[THE PROBLEM]
Copy the records below exactly as they stand. Leave out the pictures.
-- DATA EXTRACTS follows --
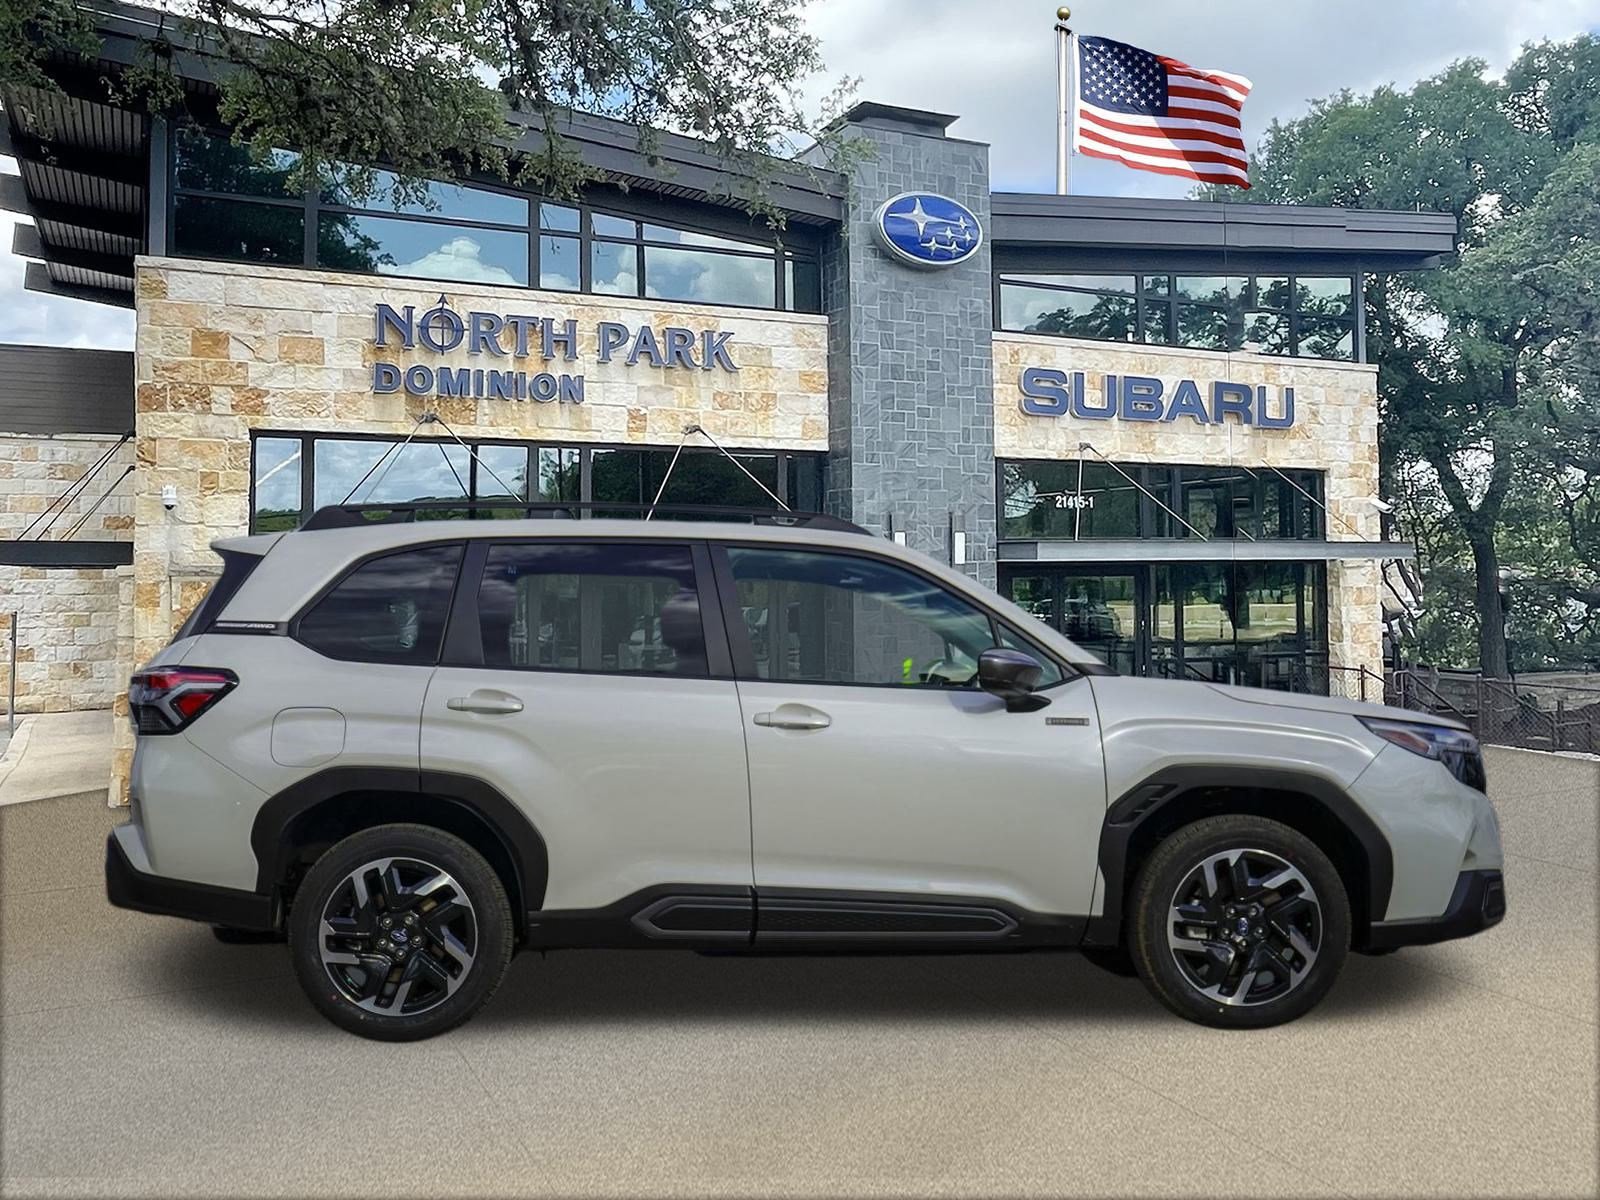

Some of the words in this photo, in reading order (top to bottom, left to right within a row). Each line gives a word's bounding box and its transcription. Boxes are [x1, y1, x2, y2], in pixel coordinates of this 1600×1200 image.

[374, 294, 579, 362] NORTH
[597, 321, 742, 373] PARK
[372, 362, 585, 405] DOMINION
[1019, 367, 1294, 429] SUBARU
-- DATA EXTRACTS concluded --
[ANSWER TO THE EXERCISE]
Some of the words in this photo, in reading order (top to bottom, left to right within a row). Each line gives a word's bounding box and its transcription. Boxes are [x1, y1, x2, y2], in pixel coordinates of this 1600×1200 image.

[374, 294, 579, 362] NORTH
[597, 321, 742, 373] PARK
[372, 362, 585, 405] DOMINION
[1019, 367, 1294, 429] SUBARU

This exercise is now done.